Below is a set of records; reproduce them exactly without their pictures.

Saved entries:
####

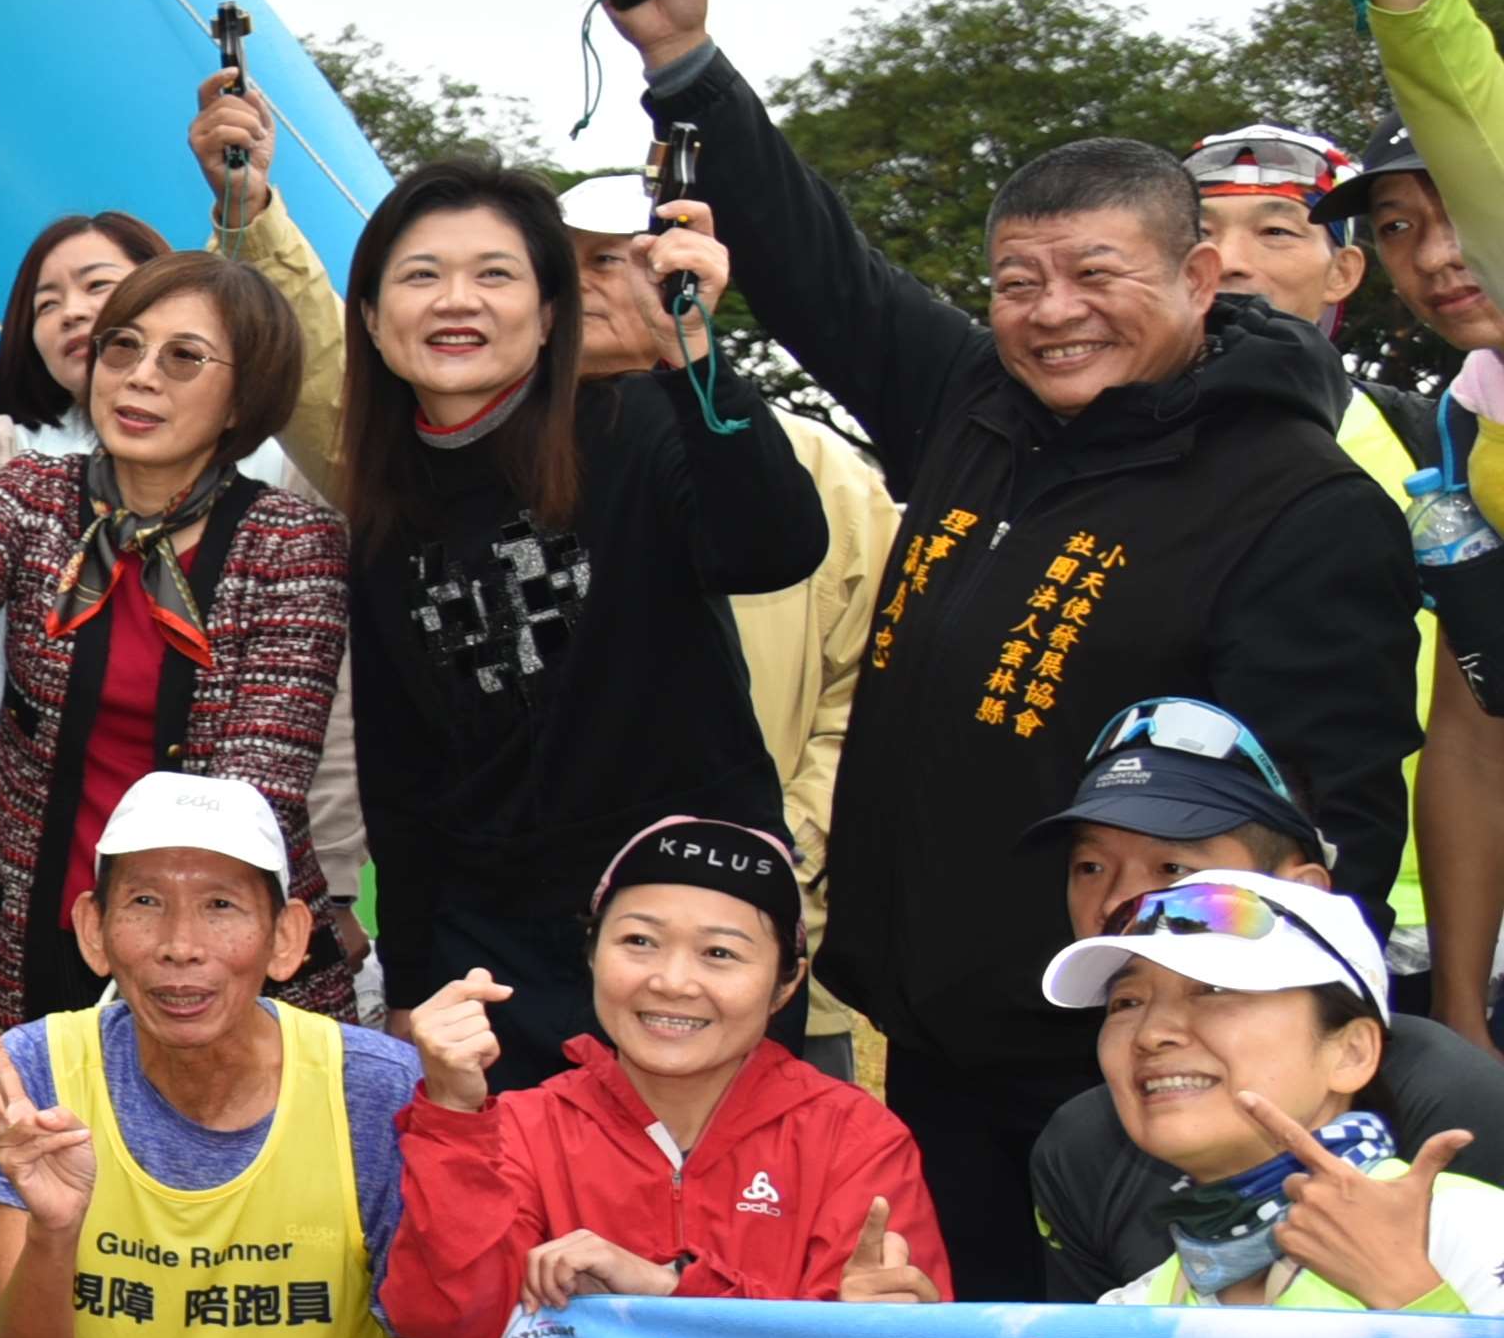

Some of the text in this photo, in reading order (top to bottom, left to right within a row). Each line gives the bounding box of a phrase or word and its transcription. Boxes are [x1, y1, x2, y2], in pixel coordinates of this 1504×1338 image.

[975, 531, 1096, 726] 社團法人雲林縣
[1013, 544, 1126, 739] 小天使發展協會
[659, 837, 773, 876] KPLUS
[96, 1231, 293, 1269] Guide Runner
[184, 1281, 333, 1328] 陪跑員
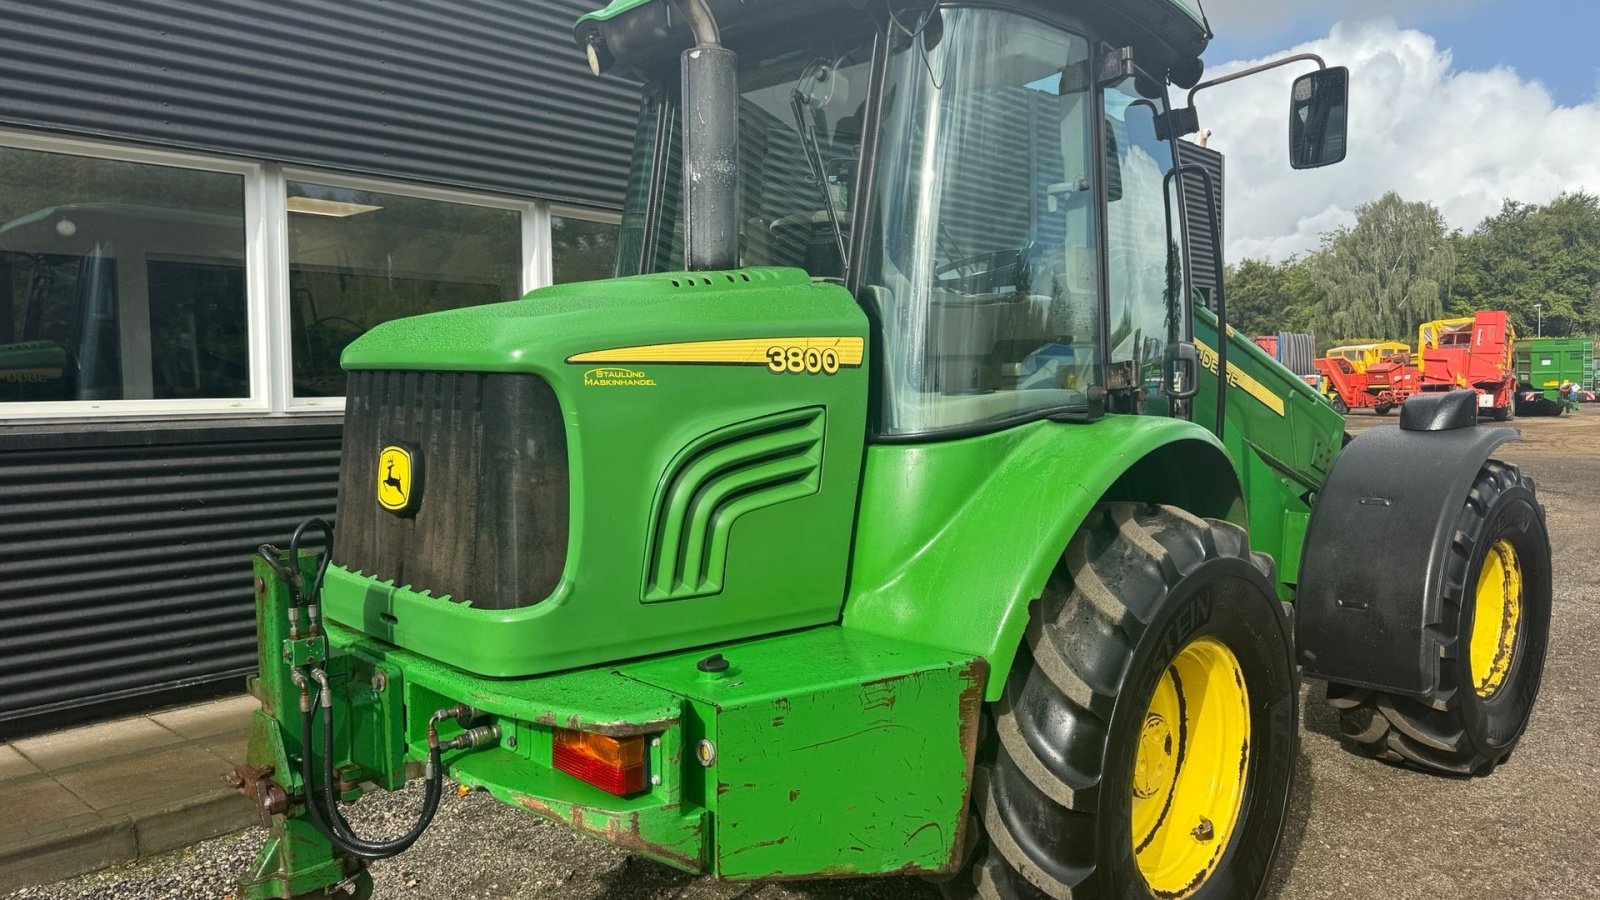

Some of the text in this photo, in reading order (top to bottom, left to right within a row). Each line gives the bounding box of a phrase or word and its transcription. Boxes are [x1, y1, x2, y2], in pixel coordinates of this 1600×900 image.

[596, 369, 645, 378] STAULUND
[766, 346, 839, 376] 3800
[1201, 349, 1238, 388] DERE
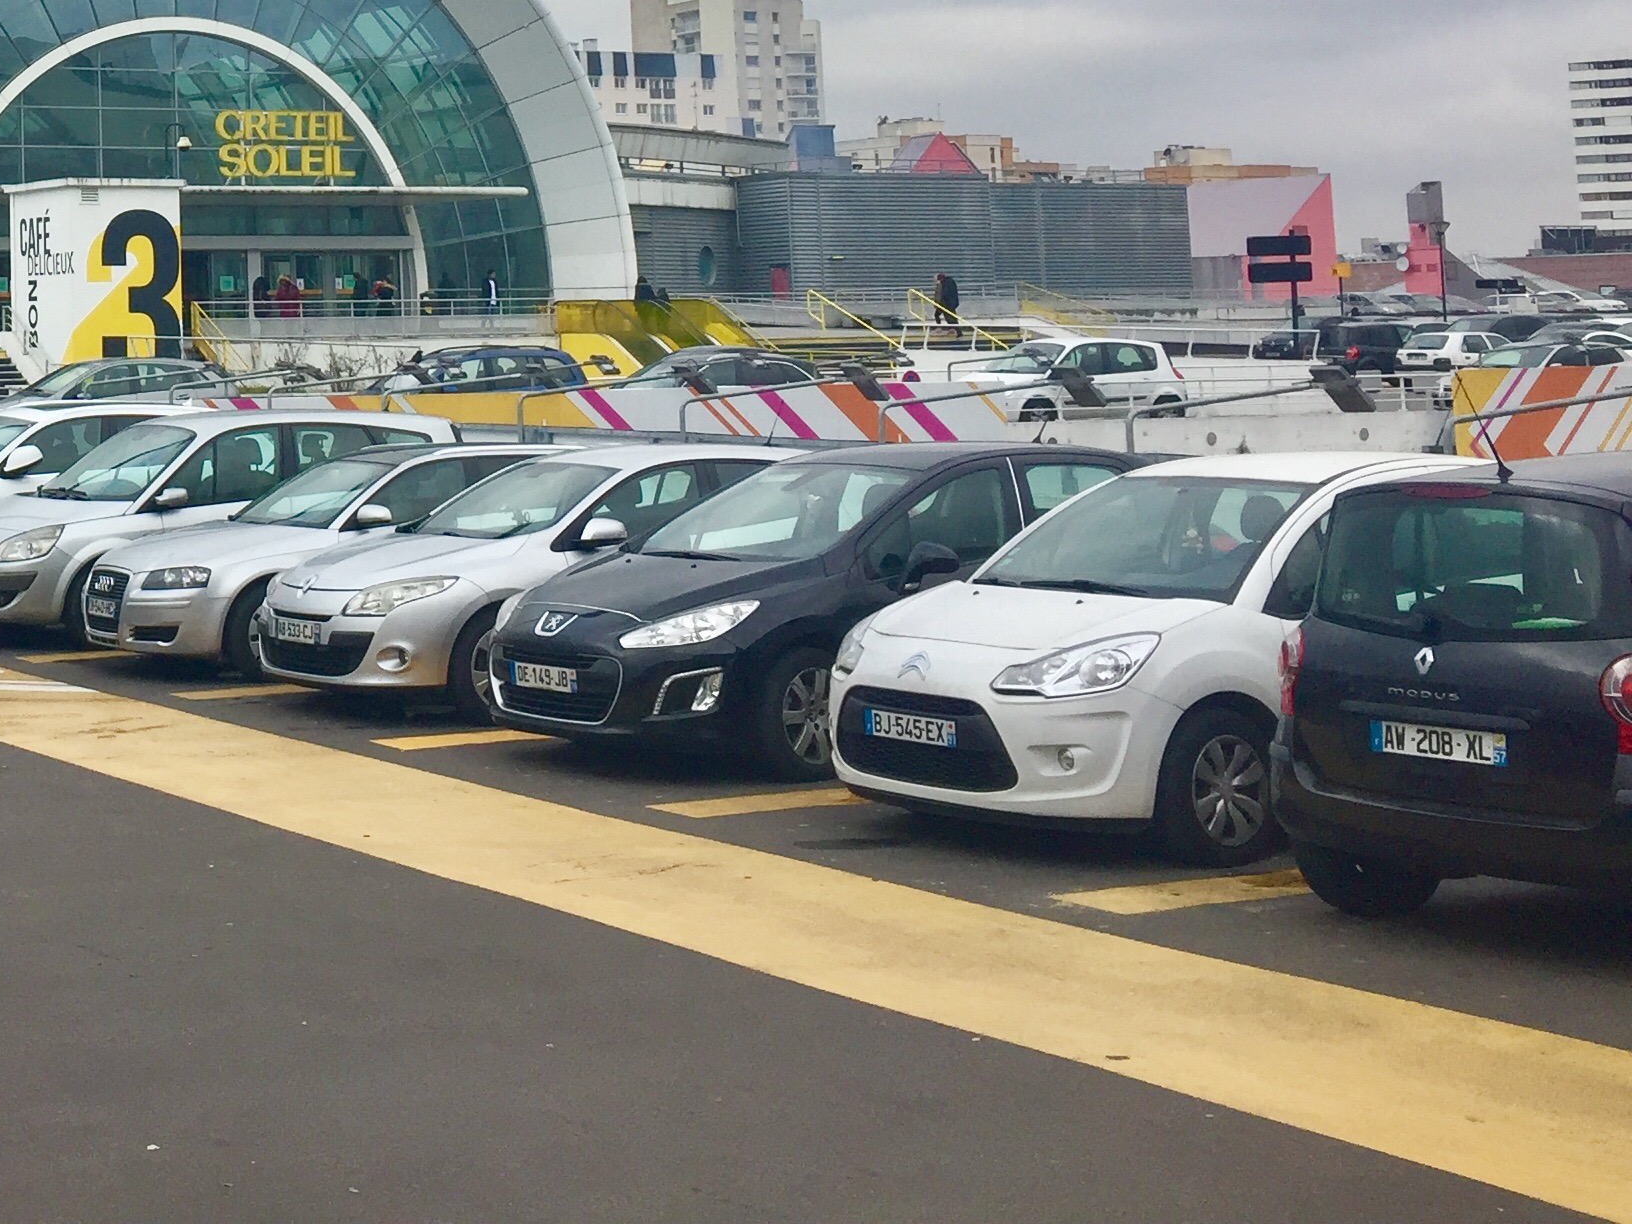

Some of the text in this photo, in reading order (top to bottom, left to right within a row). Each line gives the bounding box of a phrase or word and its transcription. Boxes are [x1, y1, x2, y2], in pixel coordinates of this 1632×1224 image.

####

* Finished task *
Some of the text in this photo, in reading order (top to bottom, left to right within a row). Each line gives the bounding box of a phrase or word and its transcription. Boxes are [x1, y1, x2, y2], in pixel coordinates of this 1504×1338 image.

[975, 531, 1096, 726] 社團法人雲林縣
[1013, 544, 1126, 739] 小天使發展協會
[659, 837, 773, 876] KPLUS
[96, 1231, 293, 1269] Guide Runner
[184, 1281, 333, 1328] 陪跑員

Some of the text in this photo, in reading order (top to bottom, left to right within a row). Each line gives the bounding box of a phrase or word and its transcription. Boxes are [x1, y1, x2, y2], in pixel coordinates of this 1600×900 image.

[596, 369, 645, 378] STAULUND
[766, 346, 839, 376] 3800
[1201, 349, 1238, 388] DERE

Some of the text in this photo, in reading order (top to bottom, left to right within a row). Each line gives the bounding box of a phrase or word and its transcription. Boxes are [x1, y1, x2, y2], in pixel coordinates of this 1632×1224 image.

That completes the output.